Le toujours mystérieux Jean-Luc Godard. Keystone

Le cinéaste franco-suisse Jean-Luc Godard fête dimanche ses 70 ans avec, semble-t-il, un désir de tourner resté intact. Son prochain film sortira au printemps.

Ne dites jamais que vous ne comprenez rien à Godard, vous auriez l’air d’un plouc. Dites plutôt «Godard, j’adore»! Ou alors: «Godard, c’est totalement surfait. Une véritable imposture». Et là, dans un cas comme dans l’autre, vous serez parfaitement crédible dans le plus intello-branché des cafés, qu’il soit parisien ou lausanno-genevois.

A propos, JLG est-il suisse ou français? Godard est né à Paris de parents d’origine suisse, il a poussé à Nyon, explosé à Paris, puis s’est replié sur la bourgade vaudoise de Rolle. Ce qui explique assez aisément le fait que les Français comme les Suisses le revendiquent simultanément.

Au fait, pourquoi un tel acharnement dans l’appropriation? C’est certain, avec «A bout de souffle», en 1960, Godard invente un style nouveau, nerveux, à la limite de l’improvisation, à mille lieues des standards français de l’époque. «Pierrot le Fou» (1965), «La Chinoise» (1967) étayeront ce constat, et imposeront l’homme qui parle plus lentement que son ombre comme chef de file de la «Nouvelle Vague», avec à ses côté Rohmer, Rivette ou Truffaut.

Mais c’était il y a longtemps, ça. Car si JLG, depuis, a tout de même tourné quelques films qui ont eu un certain retentissement, «Sauve qui peut (la vie)» en 1980, «Prénom Carmen» en 1983, il est indéniable qu’aujourd’hui, le public le boude avec une belle constance. Ainsi en Suisse, son dernier film exploité en salles, «For Ever Mozart» (1996), a totalisé 2248 entrées. Ce qui n’est pas beaucoup.

Il est aisé pour les aficionados de Godard de rétorquer que le succès public d’une oeuvre n’a rien à voir avec ses qualités intrinsèques. Mais peu d’artistes de cette envergure connaissent toutefois un décalage aussi énorme entre la taille de leur réputation et l’indifférence de la foule.

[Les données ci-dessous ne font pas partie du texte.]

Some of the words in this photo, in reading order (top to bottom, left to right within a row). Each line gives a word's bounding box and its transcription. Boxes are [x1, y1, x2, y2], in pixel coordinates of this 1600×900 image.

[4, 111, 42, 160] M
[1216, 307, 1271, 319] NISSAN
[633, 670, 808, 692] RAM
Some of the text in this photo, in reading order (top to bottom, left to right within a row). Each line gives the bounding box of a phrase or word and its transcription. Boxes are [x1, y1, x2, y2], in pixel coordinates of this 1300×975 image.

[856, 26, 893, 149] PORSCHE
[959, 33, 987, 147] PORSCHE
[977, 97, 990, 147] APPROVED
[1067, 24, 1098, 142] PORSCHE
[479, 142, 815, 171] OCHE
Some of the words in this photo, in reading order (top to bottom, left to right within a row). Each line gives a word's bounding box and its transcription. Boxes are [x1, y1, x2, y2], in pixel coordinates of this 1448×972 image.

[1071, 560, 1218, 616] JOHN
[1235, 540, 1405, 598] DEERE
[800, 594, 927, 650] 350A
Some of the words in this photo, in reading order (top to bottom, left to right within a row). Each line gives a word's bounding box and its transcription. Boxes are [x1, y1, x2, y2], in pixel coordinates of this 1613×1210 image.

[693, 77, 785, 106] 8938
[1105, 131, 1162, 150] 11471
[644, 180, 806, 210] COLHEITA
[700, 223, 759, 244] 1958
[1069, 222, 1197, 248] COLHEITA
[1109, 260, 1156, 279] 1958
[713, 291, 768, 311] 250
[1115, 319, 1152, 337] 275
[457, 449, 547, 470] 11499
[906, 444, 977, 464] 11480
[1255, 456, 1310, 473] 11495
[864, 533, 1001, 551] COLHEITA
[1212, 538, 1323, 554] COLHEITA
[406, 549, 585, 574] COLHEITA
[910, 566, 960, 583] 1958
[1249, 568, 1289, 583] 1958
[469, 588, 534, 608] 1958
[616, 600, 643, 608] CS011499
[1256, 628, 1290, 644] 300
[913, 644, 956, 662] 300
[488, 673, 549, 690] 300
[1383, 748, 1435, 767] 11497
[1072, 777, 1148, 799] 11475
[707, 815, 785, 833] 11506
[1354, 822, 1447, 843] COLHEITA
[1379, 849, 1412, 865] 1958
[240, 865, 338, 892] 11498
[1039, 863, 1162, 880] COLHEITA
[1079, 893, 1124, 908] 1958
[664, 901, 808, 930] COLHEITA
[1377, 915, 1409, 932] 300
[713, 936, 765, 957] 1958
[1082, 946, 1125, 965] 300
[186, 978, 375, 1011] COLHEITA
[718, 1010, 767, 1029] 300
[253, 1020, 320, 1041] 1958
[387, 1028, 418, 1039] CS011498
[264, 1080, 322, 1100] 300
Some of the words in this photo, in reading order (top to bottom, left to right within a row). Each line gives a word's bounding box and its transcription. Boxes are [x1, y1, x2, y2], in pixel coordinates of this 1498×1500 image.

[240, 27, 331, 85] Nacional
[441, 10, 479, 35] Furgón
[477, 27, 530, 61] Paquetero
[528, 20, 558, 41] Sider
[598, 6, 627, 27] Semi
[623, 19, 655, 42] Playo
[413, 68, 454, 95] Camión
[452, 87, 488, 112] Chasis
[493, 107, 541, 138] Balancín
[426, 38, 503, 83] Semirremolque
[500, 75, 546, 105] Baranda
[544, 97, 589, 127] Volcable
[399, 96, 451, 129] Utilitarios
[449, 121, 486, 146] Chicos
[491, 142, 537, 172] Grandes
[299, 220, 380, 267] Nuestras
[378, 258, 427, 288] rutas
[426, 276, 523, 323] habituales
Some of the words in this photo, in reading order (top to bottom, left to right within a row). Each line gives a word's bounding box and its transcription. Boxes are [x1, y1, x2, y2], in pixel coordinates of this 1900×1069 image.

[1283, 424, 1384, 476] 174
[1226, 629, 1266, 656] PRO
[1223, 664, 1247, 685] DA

Certains propos du cinéaste peuvent peut-être tenir lieu d’explication: pour lui, le cinéma actuel n’offre que du spectacle ou du romanesque sans effort. Or à ses yeux, «le cinéma est fait pour penser, pour montrer des idées». Oui, mais lesquelles? Encore faudrait-il que le public, effectivement biberonné quotidiennement à une forme narrative traditionnelle, ait une piste.

Prochaine oeuvre estampillée JLG: «Eloge de l’Amour», à paraître au printemps 2001, peut-être à Cannes. Avec, à l’affiche, la voix de Juliette Binoche, l’acteur Bruno Putzulu, César 99 du meilleur espoir, et… Jean d’Ormesson.

Ou quand l’ancien gauchiste fait tourner un écrivain monarchiste convaincu. Evidemment, après avoir dirigé Hallyday ou Delon, filmé les Stones et France Gall, les barrières, comme les catégories, n’existent plus pour le cinéaste. Avec la provocation et l’humour, ce n’est peut-être pas la moindre de ses qualités.

Comment dit-on «joyeux anniversaire» en Godardien?